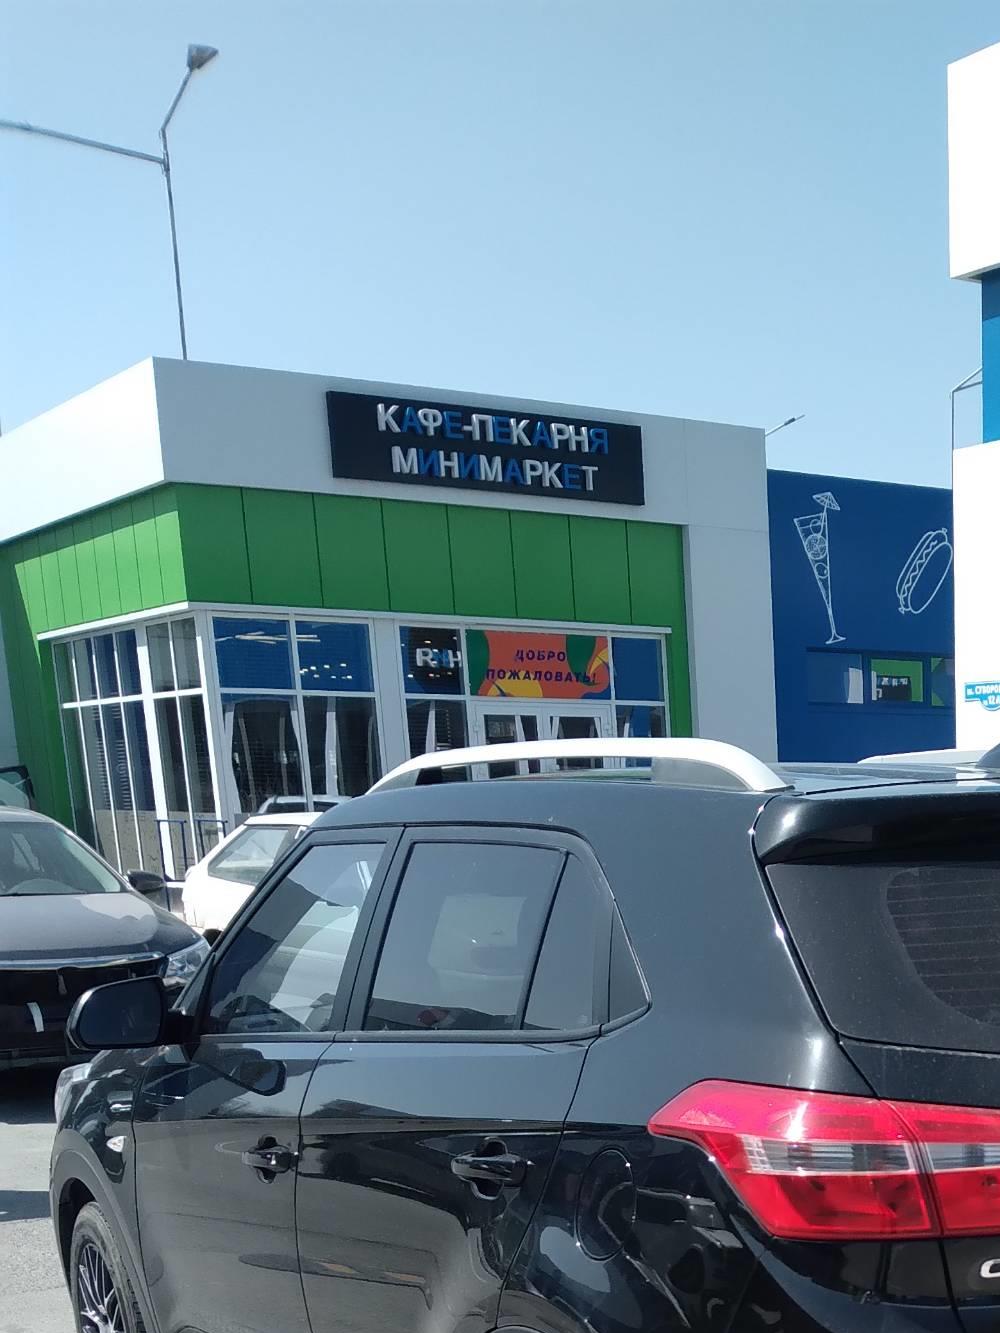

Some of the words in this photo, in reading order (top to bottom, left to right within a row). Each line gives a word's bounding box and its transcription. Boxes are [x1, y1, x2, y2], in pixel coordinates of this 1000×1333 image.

[376, 402, 609, 455] КАФЕ-ПЕКАРНЯ
[391, 446, 599, 491] МИНИМАРКЕТ
[514, 649, 566, 662] ДОБРО
[486, 668, 597, 684] ПОЖАЛОВАТЬ!
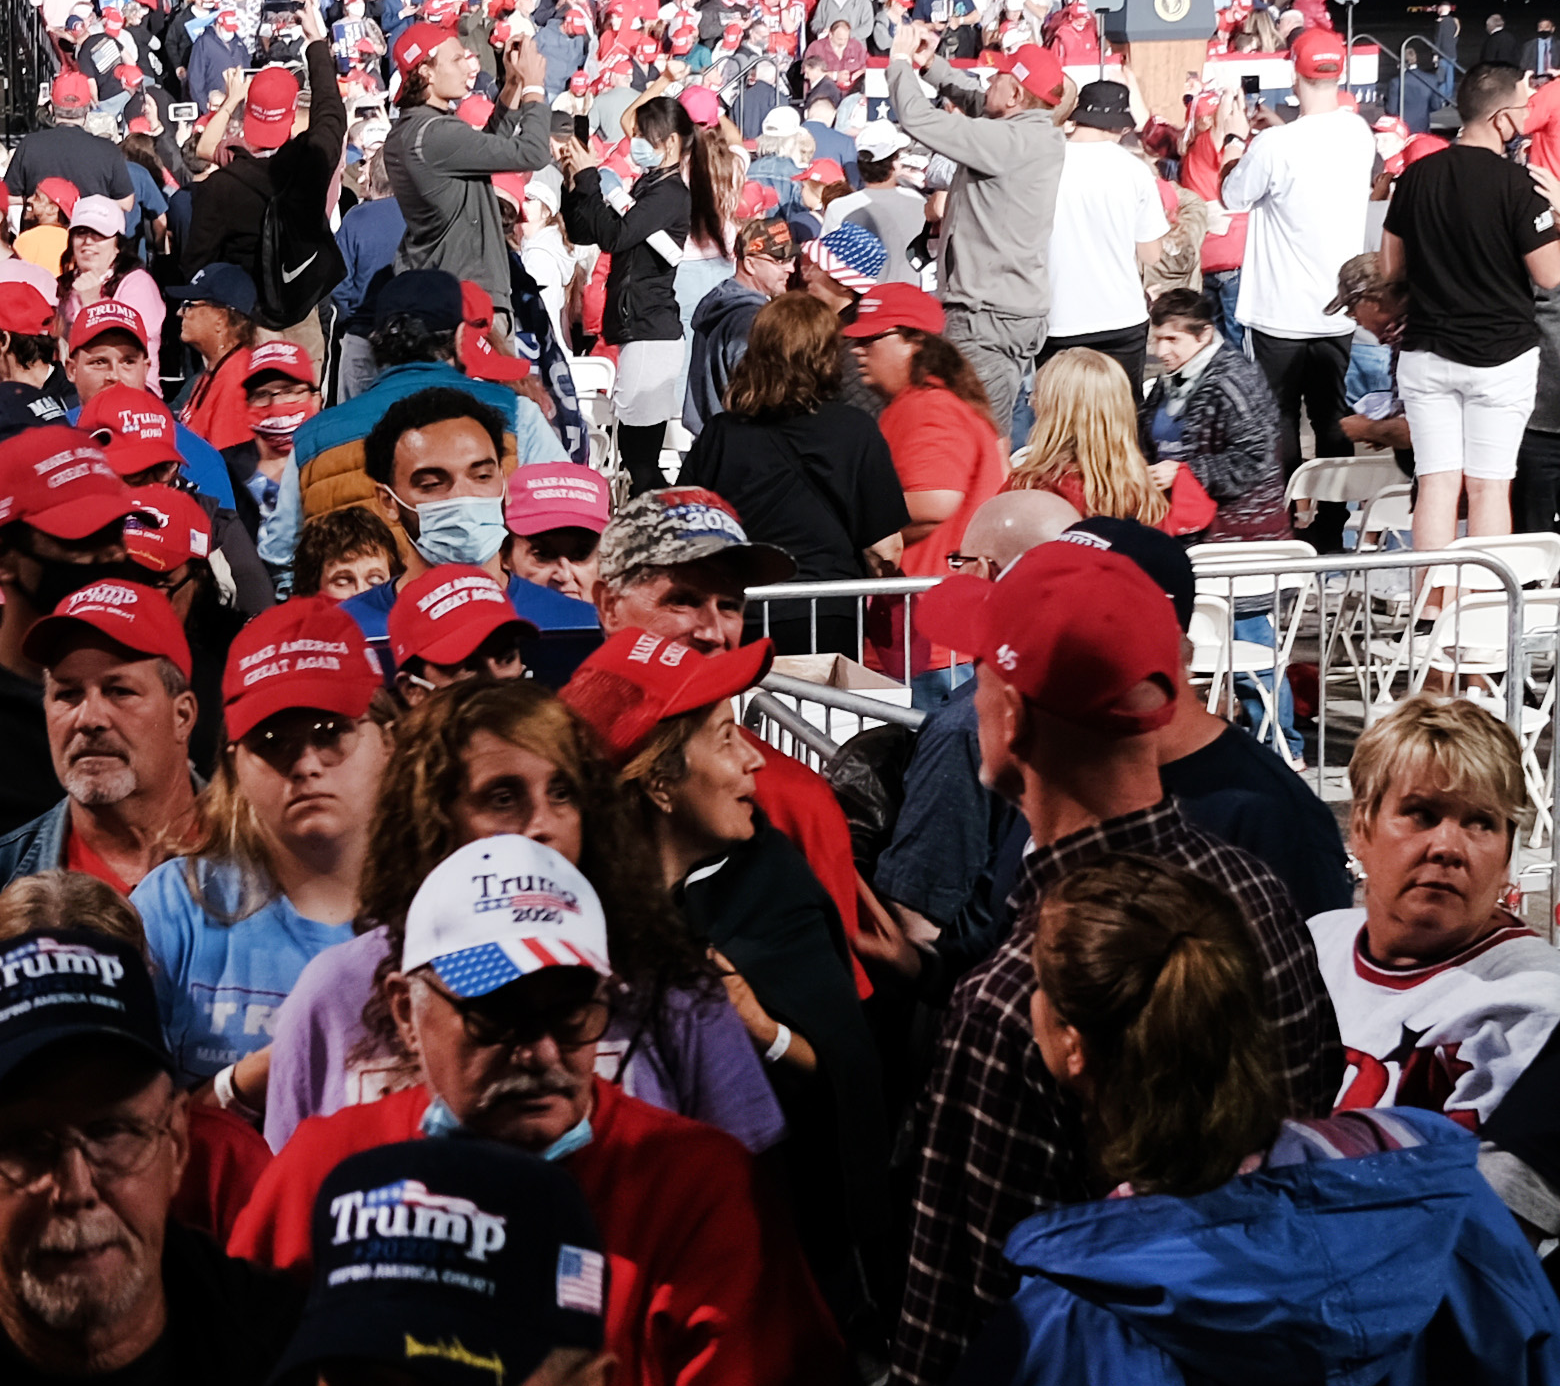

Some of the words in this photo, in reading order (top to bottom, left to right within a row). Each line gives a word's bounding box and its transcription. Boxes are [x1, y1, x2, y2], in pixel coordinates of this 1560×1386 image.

[118, 409, 167, 429] Trump
[239, 644, 277, 671] MAKE
[277, 638, 350, 656] AMERICA
[994, 643, 1020, 671] 45
[243, 659, 291, 687] GREAT
[295, 657, 341, 671] AGAIN
[472, 873, 578, 909] Trump
[329, 1190, 507, 1263] Trump
[372, 1261, 440, 1286] AMERICA

Exercise prompt: None of the images should be copied, but every entry must be given again exactly.

Finished exercise:
Some of the words in this photo, in reading order (top to bottom, left to right within a row). Each line gives a word's bounding box and its transcription. Boxes are [x1, y1, x2, y2], in pixel coordinates of this 1000×1333 image.

[376, 402, 609, 455] КАФЕ-ПЕКАРНЯ
[391, 446, 599, 491] МИНИМАРКЕТ
[514, 649, 566, 662] ДОБРО
[486, 668, 597, 684] ПОЖАЛОВАТЬ!

Some of the words in this photo, in reading order (top to bottom, left to right within a row). Each line gives a word's bounding box and its transcription. Boxes are [x1, y1, x2, y2], in pixel coordinates of this 1560×1386 image.

[118, 409, 167, 429] Trump
[239, 644, 277, 671] MAKE
[277, 638, 350, 656] AMERICA
[994, 643, 1020, 671] 45
[243, 659, 291, 687] GREAT
[295, 657, 341, 671] AGAIN
[472, 873, 578, 909] Trump
[329, 1190, 507, 1263] Trump
[372, 1261, 440, 1286] AMERICA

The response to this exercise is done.